Spatial localization data >>
>>
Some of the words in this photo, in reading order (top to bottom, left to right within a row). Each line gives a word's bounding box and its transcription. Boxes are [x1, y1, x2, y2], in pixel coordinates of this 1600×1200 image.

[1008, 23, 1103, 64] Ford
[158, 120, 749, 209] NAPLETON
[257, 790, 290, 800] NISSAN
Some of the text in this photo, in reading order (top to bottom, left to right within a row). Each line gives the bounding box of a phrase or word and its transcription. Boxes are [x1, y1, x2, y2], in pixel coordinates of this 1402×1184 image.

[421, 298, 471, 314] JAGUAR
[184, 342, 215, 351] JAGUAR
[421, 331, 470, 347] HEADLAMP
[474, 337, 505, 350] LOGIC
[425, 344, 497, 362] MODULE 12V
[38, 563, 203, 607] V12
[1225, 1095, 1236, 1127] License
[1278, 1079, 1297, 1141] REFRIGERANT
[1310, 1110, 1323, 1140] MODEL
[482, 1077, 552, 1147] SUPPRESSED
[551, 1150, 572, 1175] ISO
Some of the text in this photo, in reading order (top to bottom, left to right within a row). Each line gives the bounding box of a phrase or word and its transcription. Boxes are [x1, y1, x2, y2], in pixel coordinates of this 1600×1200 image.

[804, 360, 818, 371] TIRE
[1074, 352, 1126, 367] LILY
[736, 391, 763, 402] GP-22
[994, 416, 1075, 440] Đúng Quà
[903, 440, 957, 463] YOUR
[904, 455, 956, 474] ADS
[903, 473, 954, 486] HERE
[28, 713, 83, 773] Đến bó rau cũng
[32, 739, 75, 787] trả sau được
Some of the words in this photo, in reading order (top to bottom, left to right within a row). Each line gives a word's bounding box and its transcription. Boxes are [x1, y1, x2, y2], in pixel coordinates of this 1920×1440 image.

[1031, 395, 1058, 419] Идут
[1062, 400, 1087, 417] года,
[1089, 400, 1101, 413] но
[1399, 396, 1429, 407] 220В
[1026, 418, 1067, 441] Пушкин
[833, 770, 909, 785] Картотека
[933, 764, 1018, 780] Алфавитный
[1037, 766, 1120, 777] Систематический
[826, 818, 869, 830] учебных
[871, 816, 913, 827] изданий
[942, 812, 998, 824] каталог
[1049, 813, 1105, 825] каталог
<<
Reproduce all of the data. Leave every line unchanged.

Solution to this task >>
Some of the words in this photo, in reading order (top to bottom, left to right within a row). Each line gives a word's bounding box and its transcription. Boxes are [x1, y1, x2, y2], in pixel coordinates of this 1600×1200 image.

[1008, 23, 1103, 64] Ford
[158, 120, 749, 209] NAPLETON
[257, 790, 290, 800] NISSAN
Some of the text in this photo, in reading order (top to bottom, left to right within a row). Each line gives the bounding box of a phrase or word and its transcription. Boxes are [x1, y1, x2, y2], in pixel coordinates of this 1402×1184 image.

[421, 298, 471, 314] JAGUAR
[184, 342, 215, 351] JAGUAR
[421, 331, 470, 347] HEADLAMP
[474, 337, 505, 350] LOGIC
[425, 344, 497, 362] MODULE 12V
[38, 563, 203, 607] V12
[1225, 1095, 1236, 1127] License
[1278, 1079, 1297, 1141] REFRIGERANT
[1310, 1110, 1323, 1140] MODEL
[482, 1077, 552, 1147] SUPPRESSED
[551, 1150, 572, 1175] ISO
Some of the text in this photo, in reading order (top to bottom, left to right within a row). Each line gives the bounding box of a phrase or word and its transcription. Boxes are [x1, y1, x2, y2], in pixel coordinates of this 1600×1200 image.

[804, 360, 818, 371] TIRE
[1074, 352, 1126, 367] LILY
[736, 391, 763, 402] GP-22
[994, 416, 1075, 440] Đúng Quà
[903, 440, 957, 463] YOUR
[904, 455, 956, 474] ADS
[903, 473, 954, 486] HERE
[28, 713, 83, 773] Đến bó rau cũng
[32, 739, 75, 787] trả sau được
Some of the words in this photo, in reading order (top to bottom, left to right within a row). Each line gives a word's bounding box and its transcription. Boxes are [x1, y1, x2, y2], in pixel coordinates of this 1920×1440 image.

[1031, 395, 1058, 419] Идут
[1062, 400, 1087, 417] года,
[1089, 400, 1101, 413] но
[1399, 396, 1429, 407] 220В
[1026, 418, 1067, 441] Пушкин
[833, 770, 909, 785] Картотека
[933, 764, 1018, 780] Алфавитный
[1037, 766, 1120, 777] Систематический
[826, 818, 869, 830] учебных
[871, 816, 913, 827] изданий
[942, 812, 998, 824] каталог
[1049, 813, 1105, 825] каталог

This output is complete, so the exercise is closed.